# Assignment
Drop every picture and give the entries back exactly.

# Data for analysis

──────────

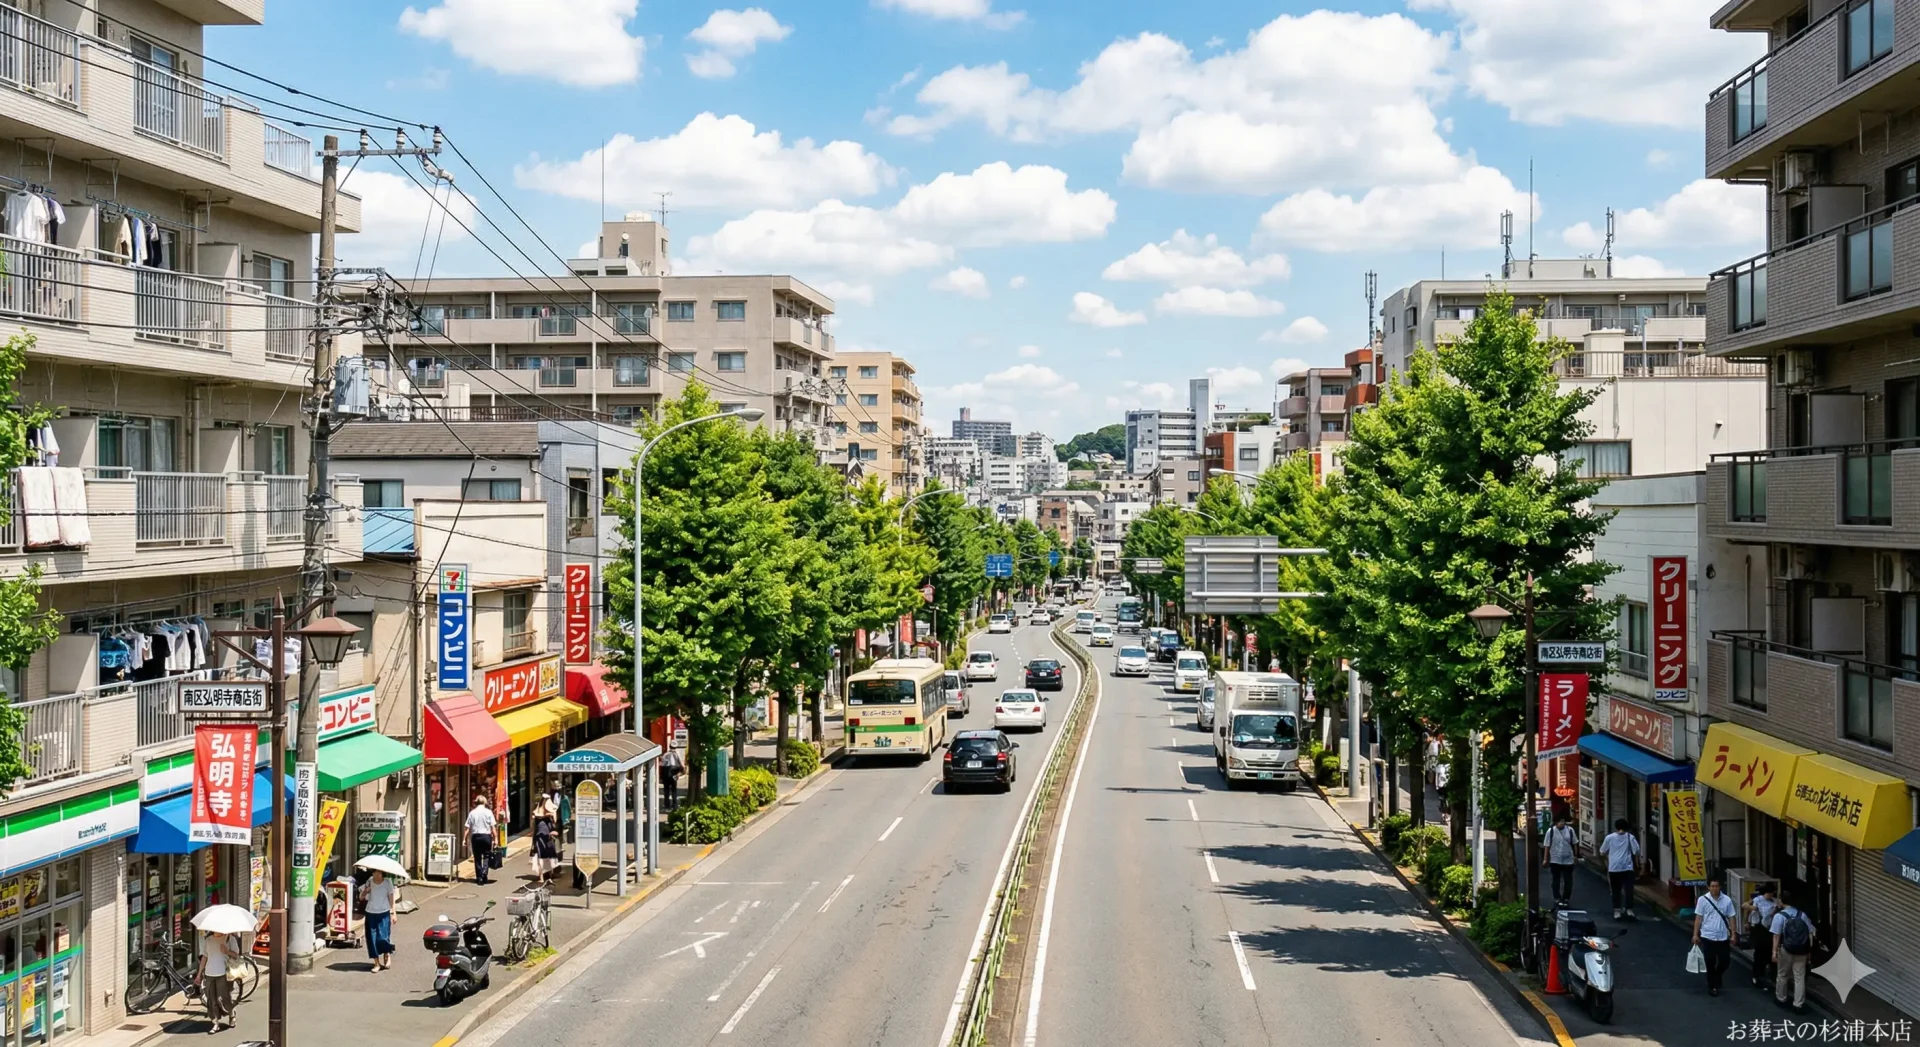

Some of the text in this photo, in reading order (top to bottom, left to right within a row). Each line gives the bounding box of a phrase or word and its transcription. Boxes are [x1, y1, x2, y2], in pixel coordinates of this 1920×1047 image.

[570, 568, 587, 659] クリーニング
[1658, 560, 1683, 684] クリーニング
[443, 599, 464, 683] コンビニ
[184, 689, 262, 706] 南区弘明寺商店街
[486, 665, 537, 708] クリーニング
[1656, 690, 1686, 699] コンビニ
[324, 696, 371, 730] コンビニ
[1554, 680, 1575, 746] ラーメン
[1614, 704, 1662, 744] クリーニング
[209, 733, 236, 817] 弘明寺
[1713, 745, 1775, 796] ラーメン
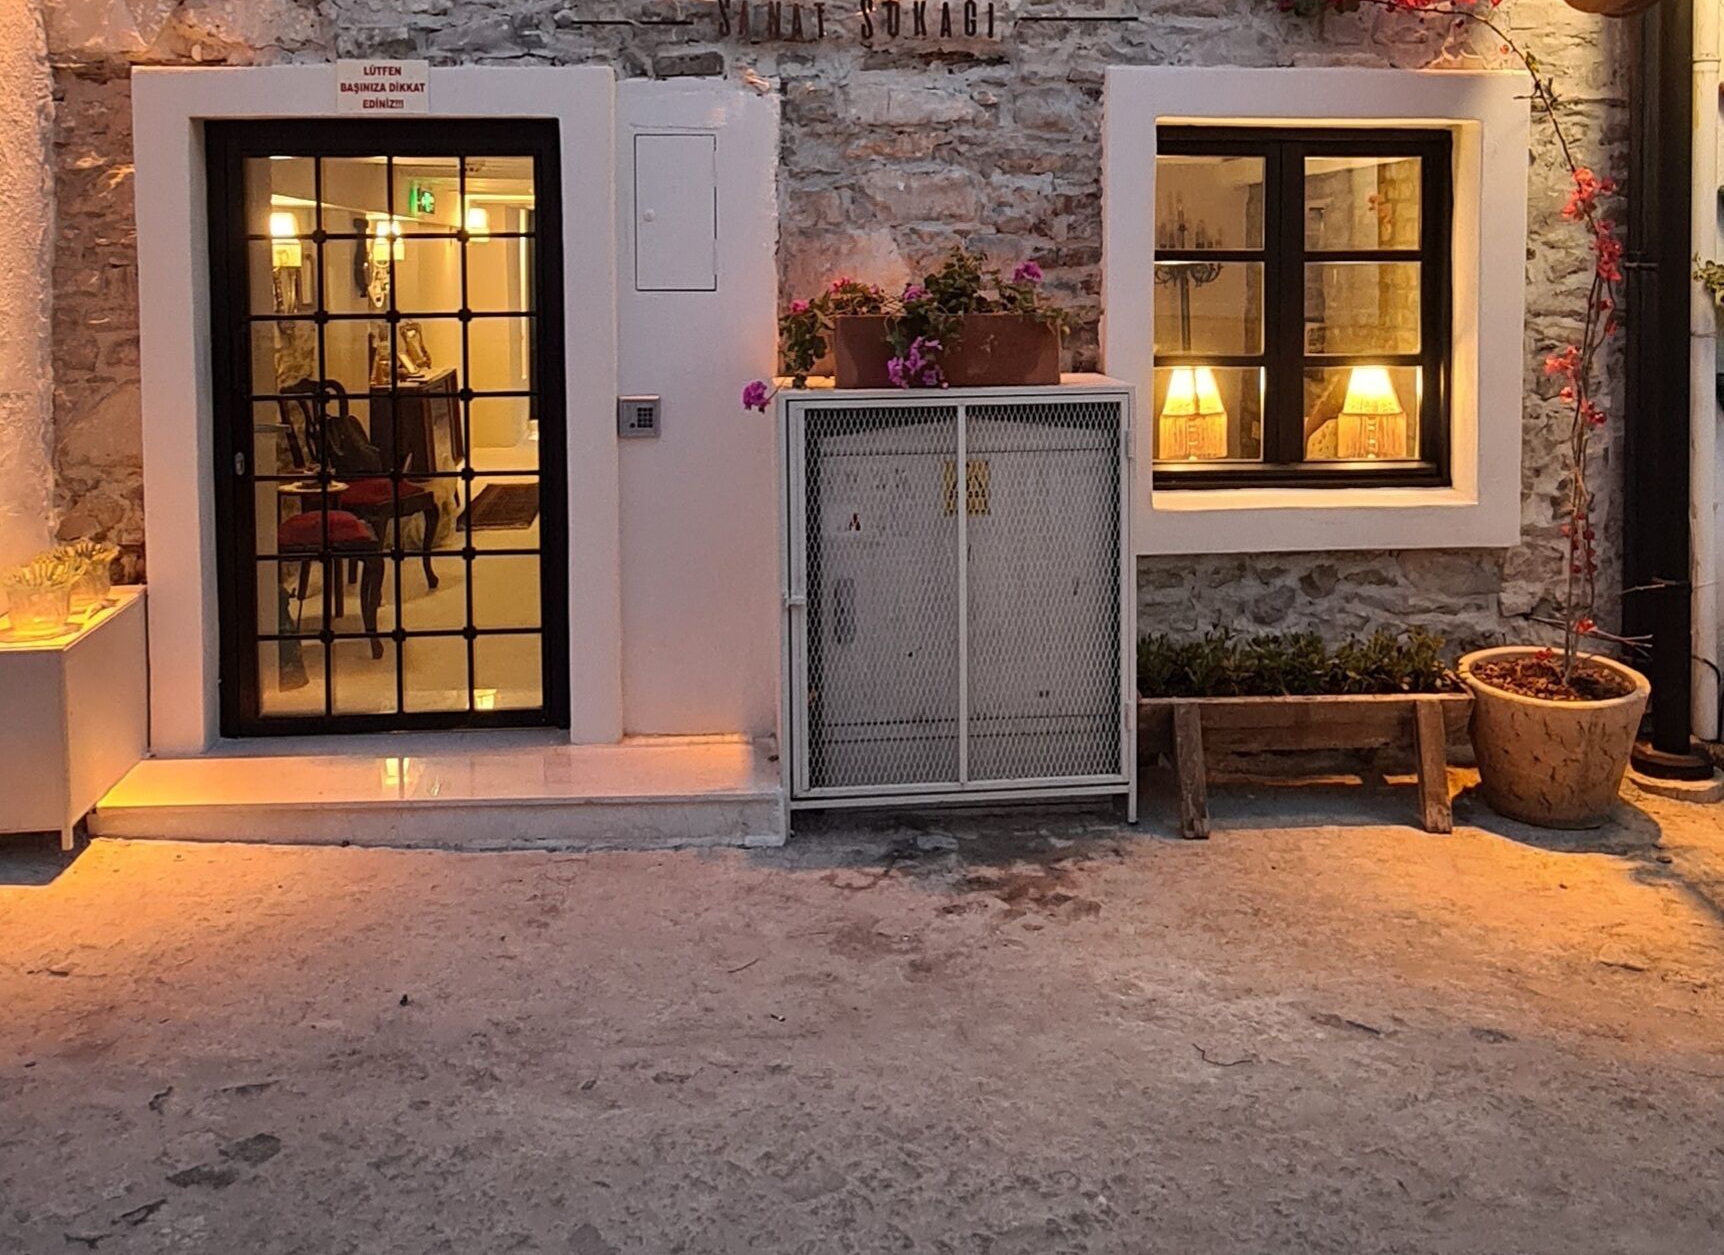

──────────

# Exercise answer
Some of the text in this photo, in reading order (top to bottom, left to right within a row). Each line gives the bounding box of a phrase or word and its transcription. Boxes are [x1, y1, x2, y2], in pixel coordinates of this 1920×1047 image.

[570, 568, 587, 659] クリーニング
[1658, 560, 1683, 684] クリーニング
[443, 599, 464, 683] コンビニ
[184, 689, 262, 706] 南区弘明寺商店街
[486, 665, 537, 708] クリーニング
[1656, 690, 1686, 699] コンビニ
[324, 696, 371, 730] コンビニ
[1554, 680, 1575, 746] ラーメン
[1614, 704, 1662, 744] クリーニング
[209, 733, 236, 817] 弘明寺
[1713, 745, 1775, 796] ラーメン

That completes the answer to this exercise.